I’m late to this, AIM, but it’s a Comment of the Day. Thanks. I’ll have some more reflections on your post when I re-post it…
Thanks Arthur. Two words to remember: “Citizen” and “Kane.” Or maybe two others: “yellow” and “journalism.”
I’m honored. Might I add that the idea of non-objective media, brought to full flower, grants NOBODY the right to be unethical – which includes witch hunts and just plain makin’ shit up.
Well done Humble!
Second try…
“American media at the dawn of the 20th century wasn’t dissimilar to the way it is today – and much like it has ALWAYS been in nations in which the media isn’t state-controlled. It’s rambunctious. It’s partisan.
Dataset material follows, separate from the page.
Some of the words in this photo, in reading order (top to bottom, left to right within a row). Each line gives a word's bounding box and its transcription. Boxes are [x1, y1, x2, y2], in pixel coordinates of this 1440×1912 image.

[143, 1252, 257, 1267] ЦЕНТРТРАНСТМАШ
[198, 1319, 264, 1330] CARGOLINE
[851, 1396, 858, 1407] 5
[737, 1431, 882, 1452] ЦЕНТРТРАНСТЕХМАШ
It wears its beliefs on its sleeve – both with regard to what it covers and the way it covers it.”
That glosses over two facts that ARE dissimilar to the dawn of the 20th century – and getting worse:
(1) the growth in power of the federal Executive Branch, and
(2) the increased degree of collusion between media and certain power-players in the Executive Branch (which another commenter, Zoltar, noted in this thread before AIM commented).
Rush Limbaugh thus very accurately declares most media as “state-controlled.” You can see it in the homogeneity of coverage of particular people, events and issues – often using identical key words and phraseology – while claiming “independence” and “objectivity” (!!). In reality, the vast majority of media in the U.S. behave as dutiful echo-amplifiers of Democrat Party talking points.
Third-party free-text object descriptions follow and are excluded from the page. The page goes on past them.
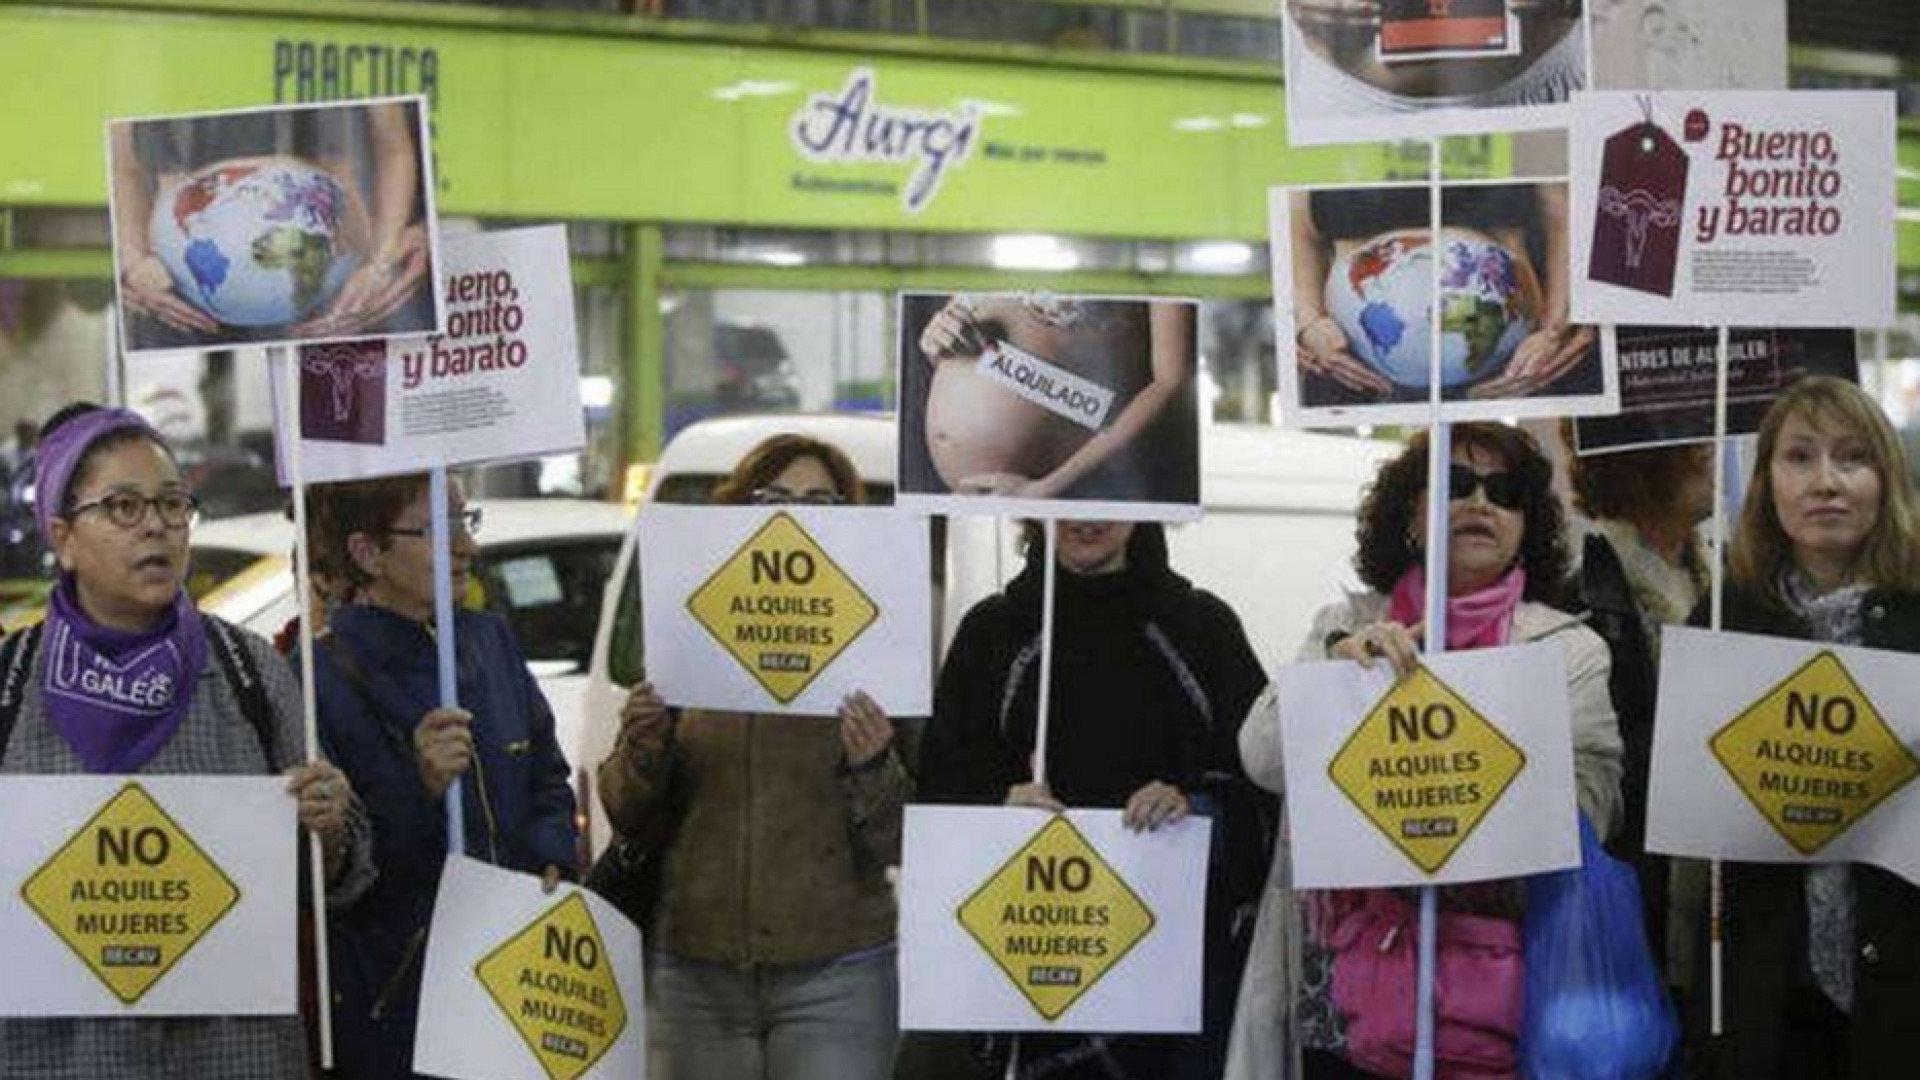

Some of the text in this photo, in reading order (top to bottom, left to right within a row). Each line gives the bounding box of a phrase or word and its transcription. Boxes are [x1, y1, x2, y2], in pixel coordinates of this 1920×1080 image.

[797, 75, 977, 207] Aurgi
[1715, 123, 1838, 168] Bueno,
[1724, 162, 1841, 197] bonito
[1696, 199, 1841, 242] y barato
[446, 302, 523, 339] onito
[403, 336, 527, 389] y barato
[990, 355, 1100, 415] ALQUILADO
[752, 549, 816, 585] NO
[730, 596, 834, 618] ALQUILES
[736, 625, 833, 645] MUJERES
[1388, 702, 1456, 743] NO
[1785, 690, 1857, 735] NO
[1369, 751, 1481, 778] ALQUILES
[1755, 739, 1873, 772] ALQUILES
[1376, 782, 1480, 809] MUJERES
[1760, 771, 1870, 799] MUJERES
[97, 827, 169, 866] NO
[71, 880, 190, 902] ALQUILES
[1026, 856, 1092, 893] NO
[76, 914, 188, 934] MUJERES
[1002, 904, 1109, 926] ALQUILES
[544, 925, 597, 971] NO
[1006, 936, 1108, 956] MUJERES
[518, 969, 607, 1010] ALQUILES
[521, 999, 605, 1038] MUJERES
“A big part of our current problem as a nation lies in the fact that so many Americans don’t question the validity of its press. Heck, many journos don’t get it. We will all be better off once we learn that NO news source can be trusted, and that even a blind pig finds an acorn once in a while. We must all be skeptical of what we read…Might take a generation or two, but as an optimist by nature, I suspect we’ll get there.”
Teaching Americans to question the validity of the press is a dying profession. That death is being encouraged by (drumroll) the press, who find it irresistible to recruit an ever-enlarging population of hook-line-and-sinker “consumers” of press products. Arthur is right – it’s done for business reasons. But, it is disastrous for a vibrant pluralistic society, because it makes profitable the complete disregard of the public’s need to access and process ALL relevant facts. Jeez – I think I might have even seen some beginnings of that dynamic in my public elementary school’s distribution of the Weekly Reader (perhaps some of you had read issues of those in your school, too), 60 years ago.
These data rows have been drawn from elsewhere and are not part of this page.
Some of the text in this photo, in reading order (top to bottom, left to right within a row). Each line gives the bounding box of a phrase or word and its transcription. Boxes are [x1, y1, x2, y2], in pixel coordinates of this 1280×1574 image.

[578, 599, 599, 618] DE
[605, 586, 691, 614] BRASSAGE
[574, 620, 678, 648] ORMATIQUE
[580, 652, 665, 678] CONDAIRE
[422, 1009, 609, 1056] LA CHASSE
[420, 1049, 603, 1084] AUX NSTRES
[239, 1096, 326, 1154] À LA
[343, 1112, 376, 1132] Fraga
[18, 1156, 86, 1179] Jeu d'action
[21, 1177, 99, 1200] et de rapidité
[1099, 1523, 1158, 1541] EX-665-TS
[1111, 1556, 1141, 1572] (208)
Plus, it’s easy enough to see what results from open skepticism or contrarianism about what most of the press reports in virtually monolithic content and tone: for example, hive-minded mob attacks on dissidents and on anyone who validates the views of dissidents, with often coordinated smear campaigns to defame, discredit, and exhort broad public dismissal of all speech AND THOUGHT by dissidents, with the aim of inducing the largest possible population to pigeonhole and ignore dissidents as “deniers,” “racists,” “fascists,” “haters,” and worse. Here, the desperate-for-profits press finds (and excuses, and enables) eager helpers in the entertainment and celebrity-idol hives. They feed each other. It’s insidious, it’s destructive, and eventually, it’s going to make itself irrelevant to the impoverished, frustrated, angry public of the society it has wrecked with its web of one-party propaganda. It might take another generation or two, but as a pessimist by nature, I suspect we’ll get there sooner rather than later.